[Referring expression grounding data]
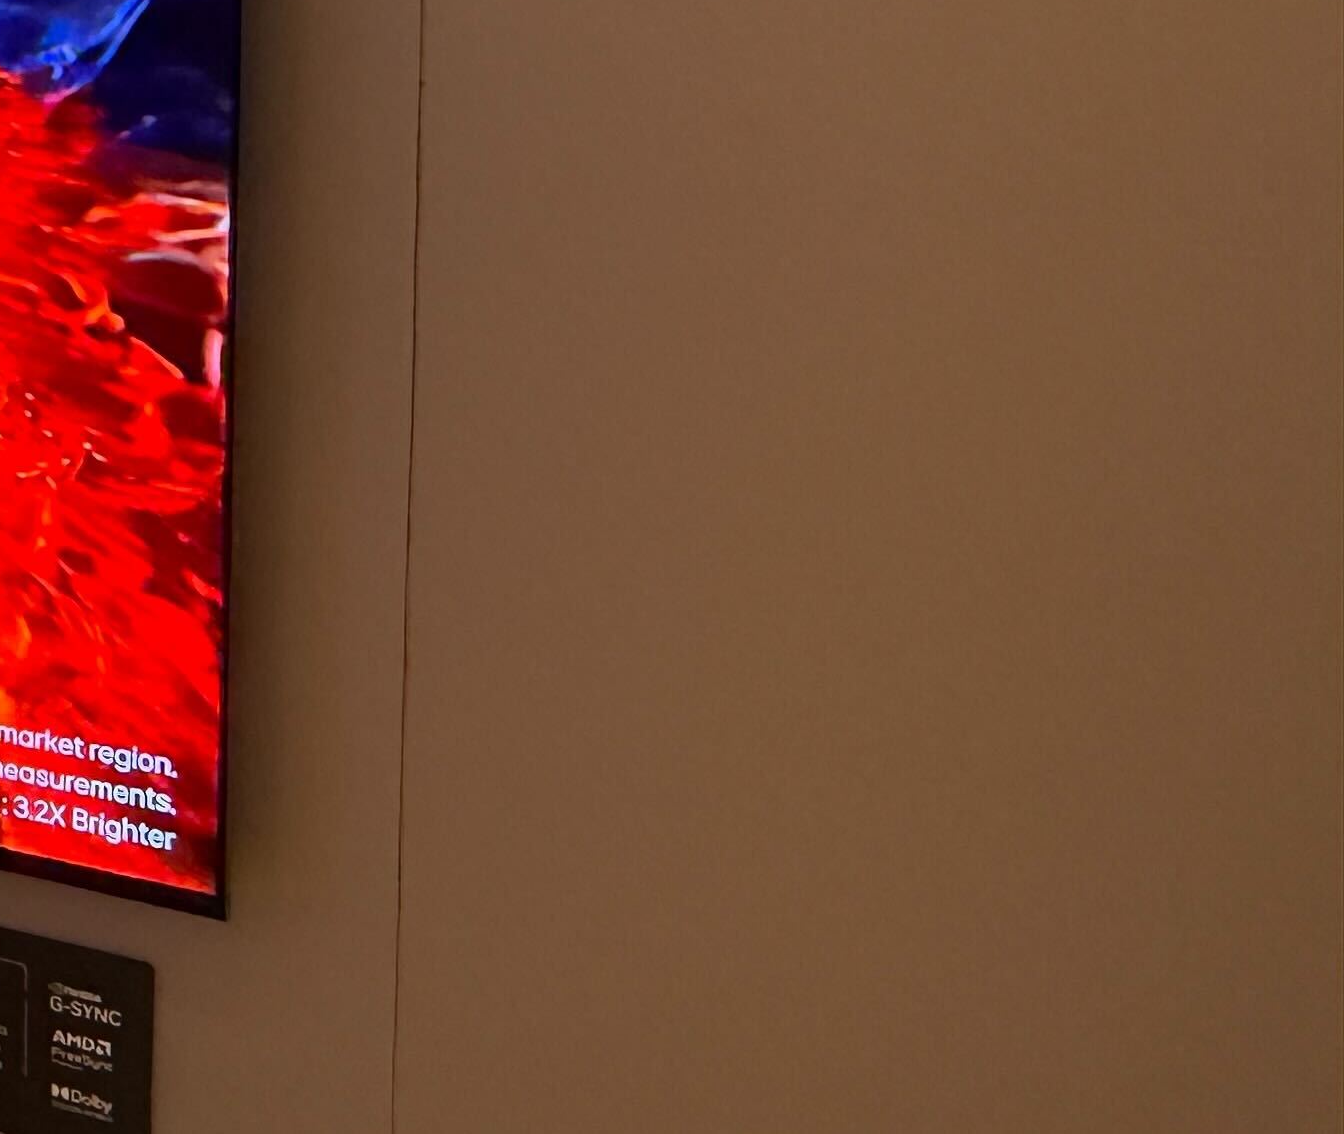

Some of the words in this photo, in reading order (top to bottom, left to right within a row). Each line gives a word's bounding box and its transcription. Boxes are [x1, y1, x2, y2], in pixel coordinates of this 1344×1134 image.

[88, 744, 178, 779] region.
[13, 796, 66, 828] 3.2X
[71, 806, 178, 851] Brighter
[49, 995, 123, 1027] G-SYNC
[52, 1029, 95, 1052] AMD
[70, 1088, 113, 1115] Dolby

Exercise description ->
Produce the entries again, word for word, without any of their pictures.

Written answer ->
Some of the words in this photo, in reading order (top to bottom, left to right within a row). Each line gives a word's bounding box and its transcription. Boxes are [x1, y1, x2, y2], in pixel coordinates of this 1344×1134 image.

[88, 744, 178, 779] region.
[13, 796, 66, 828] 3.2X
[71, 806, 178, 851] Brighter
[49, 995, 123, 1027] G-SYNC
[52, 1029, 95, 1052] AMD
[70, 1088, 113, 1115] Dolby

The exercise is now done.